Serpentius grunted approval. ‘We can bed down by the river at dark.’
They made what distance they could while daylight lasted, and the sun was well down before Valerius pointed the mare towards the river. By the time they approached it, the brush was a solid barrier and they wandered upstream until they found what seemed to be a reasonably dry spot to bed down. The only drawback was a cloying, sickly-sweet scent that hung in the air around them and filled their throats and nostrils.
‘Mars’ sacred arse,’ Serpentius spat. When he turned to Valerius his eyes were bleak. ‘Nothing we can do tonight.’
The Roman nodded. They both knew well enough what they were smelling.
Valerius woke before dawn, grateful he couldn’t remember his dreams. He stretched, wincing at the sharp pain in his half-healed shoulder and bruised ribs, before wandering towards the river to piss among the bushes. Now the smell seemed worse than in the darkness and they practically had to force down the meagre breakfast Serpentius prepared. Daylight showed them camped south of a great bend in the river. Fighting off a disabling lethargy, the Spaniard found the strength to check the road for signs of activity. When he was certain it was safe they saddled up and made their way towards the source of the stench, cloaked in a terrible sense of foreboding at what they would find.
It was a familiar enough sight in its way. Still, Valerius felt the bile rise in his throat. The bodies carpeted the surface of a great eddy the river had dug from the bank, fish-belly white and bobbing obscenely in a froth of greenish foam. They could only have been dead for a few days, but already the expanding internal gases had bloated their corpses and those floating face up had lost eyes and tongues to the buzzards and crows hungry enough to brave the unstable platform.
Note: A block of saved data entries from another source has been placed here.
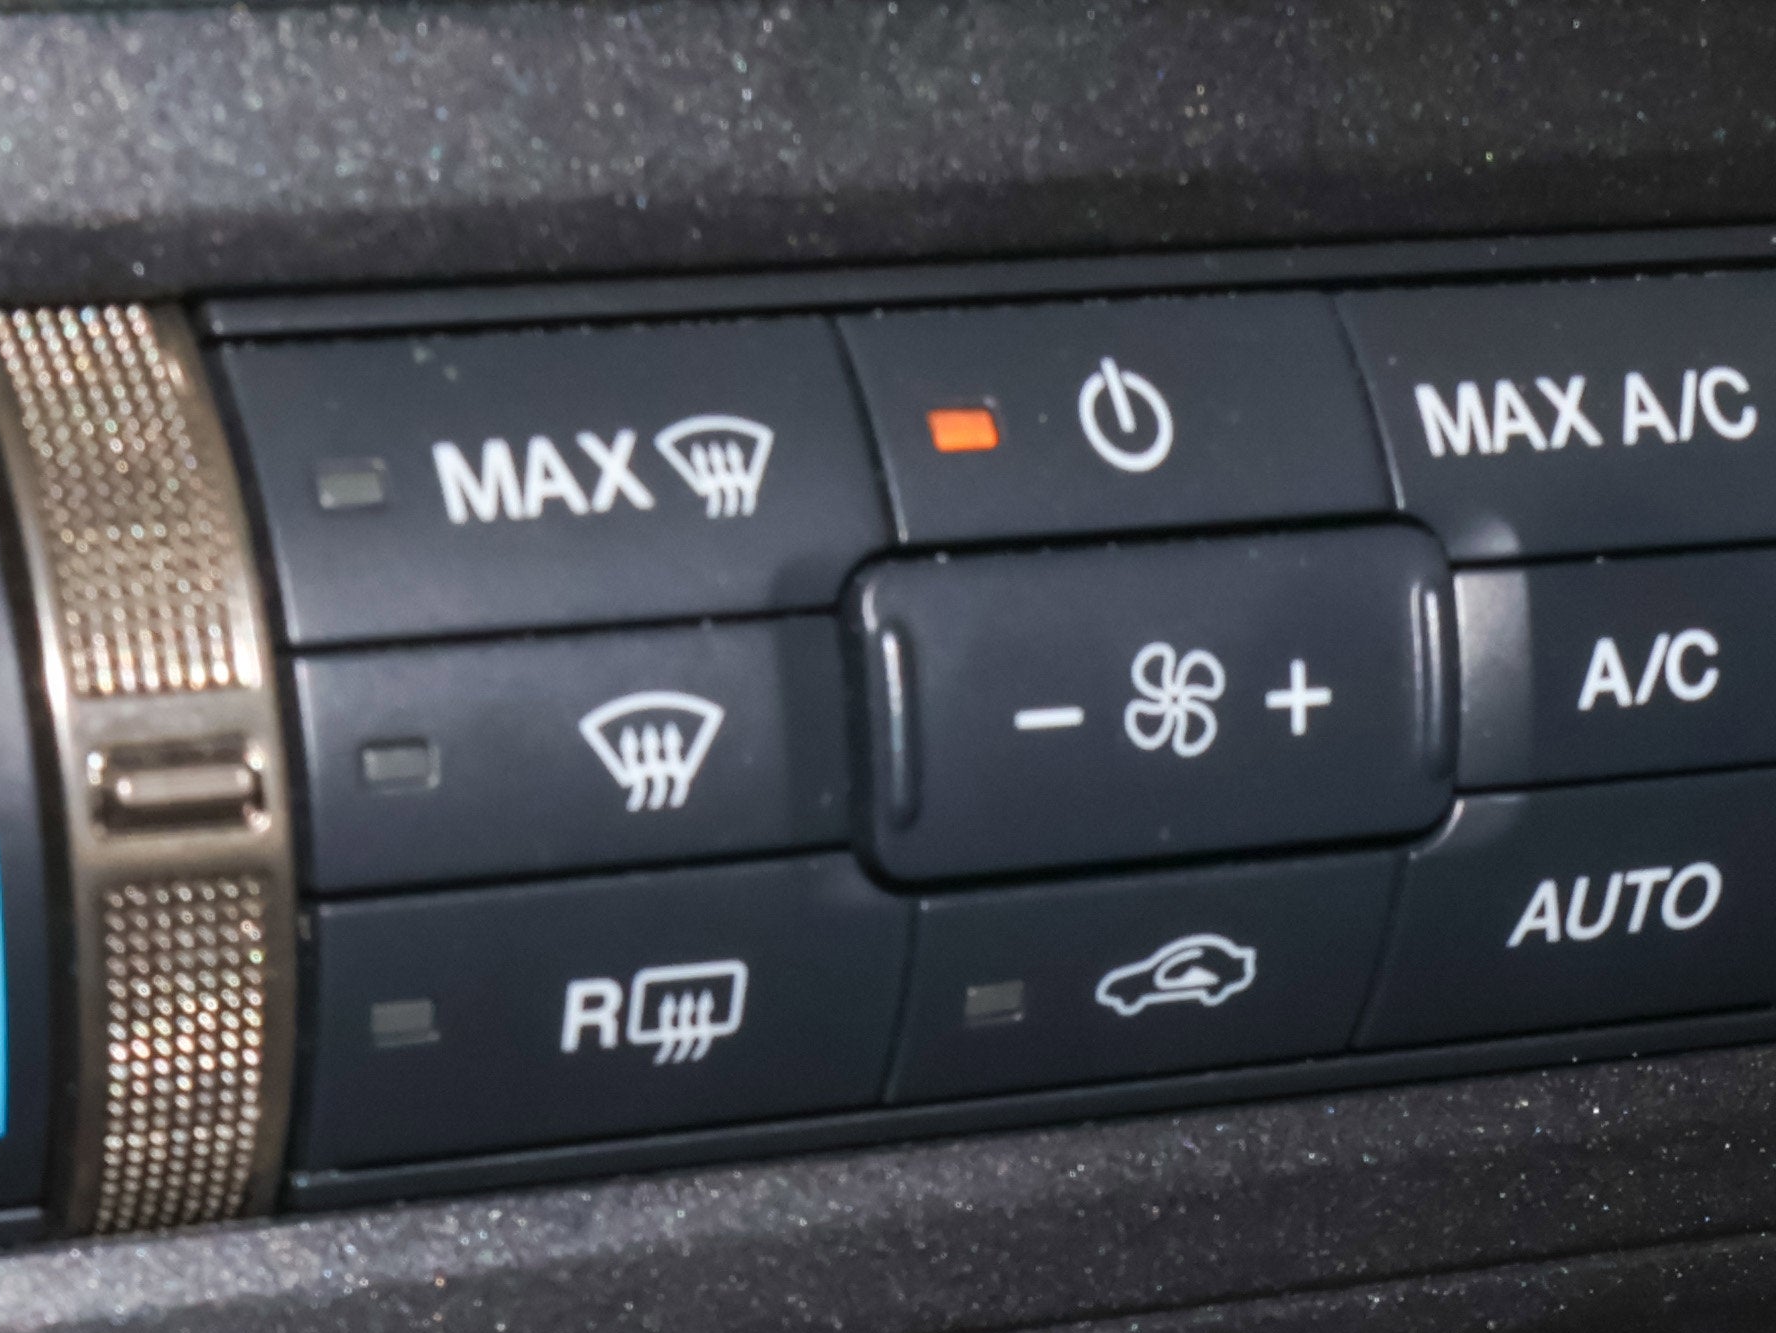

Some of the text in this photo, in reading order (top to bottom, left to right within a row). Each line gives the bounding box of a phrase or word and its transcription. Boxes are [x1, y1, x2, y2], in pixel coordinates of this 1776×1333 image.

[1413, 365, 1759, 459] MAX A/C
[430, 432, 654, 528] MAX
[1577, 627, 1720, 712] A/C
[1507, 861, 1723, 948] AUTO
[560, 977, 624, 1053] R
Serpentius worked his way down the bank and hauled the nearest body half out of the water; a broad-shouldered giant with long moustaches and foul pink craters for eyes.
‘Tribesmen. Warriors, and they were killed in a fight.’ He pointed to the familiar jagged rip in the man’s stomach where a length of blue-grey intestine hung clear, twisting sinuously in the current like a plump eel. He frowned. ‘They didn’t die in the river. They’ve been stripped of anything of value; weapons, jewellery, everything. That means they were butchered and then thrown in. Why would anyone do that when they knew they’d be depending on the river for water?’
‘Because they’re sending a message.’ Valerius nodded at the empty fields. ‘That’s why we haven’t seen a farmer or a slave in two days. They’re terrified to come near the river or the road, because that’s the way the man who’s commanding this part of Vitellius’s army wants it.’
The next day and the day after they found more of the army commander’s messages: bodies in the river or littered like dead fish along the banks. But there was worse to come.
A dark stain hung over what little was left of the Helvetii township; not smoke exactly, rather the shimmering aura of disaster. They rode through what had once been a substantial gateway, hoping to find a few buried stores to supplement their dwindling supplies. The moment he smelled the familiar roasted-meat scent Valerius regretted the decision.
‘Bastards.’ There was murder in Serpentius’s voice as he led his horse through what had once been the main square. To one side, in the angle between two houses, congealing blood caked the earth inches thick and the Spaniard picked up a stained wooden doll that had once been a child’s toy. Closer inspection showed that the blood lake was dotted with gobbets of flesh and hanks of blond hair. A sandal formed a small island at the centre and a tiny hand, severed at the wrist, seemed to be attempting to find sanctuary on it. ‘Bastards,’ the gladiator repeated, remembering another torched village and another dead child. He turned to Valerius with murder in his eyes. ‘So this is your Roman peace?’
Every building had been burned, but, at first glance, the job had been poorly executed. It was only when you looked closely that you realized the gently smouldering mounds were not half-burned timbers, but the charred remnants of the former occupants, twisted and blackened, red sinew still showing through cracks in the incinerated flesh, grinning teeth brilliant white in blackened skulls that were the gods’ way of showing the true nature of the human form. Old men, women and children, almost certainly, but it was impossible to be sure.
‘I don’t understand. What we saw was an army marching on Rome. These people would never have dared to oppose them.’
‘No, but their menfolk did.’ Valerius swallowed hard as he surveyed the destruction and wanton carnage. The combination of rotting bodies and roasting meat filled his throat and made his stomach heave. ‘This is another of his messages. “Anyone who opposes me will be wiped from the map. Man, women and child.”’ He shook his head as the undeniable truth came to him. ‘Strategically, his reasoning is sound. He could not afford to leave an enemy in his rear when he marched south. He doesn’t have the troops to secure his supply lines, so he uses terror in their place. Paulinus did the same in Britain.’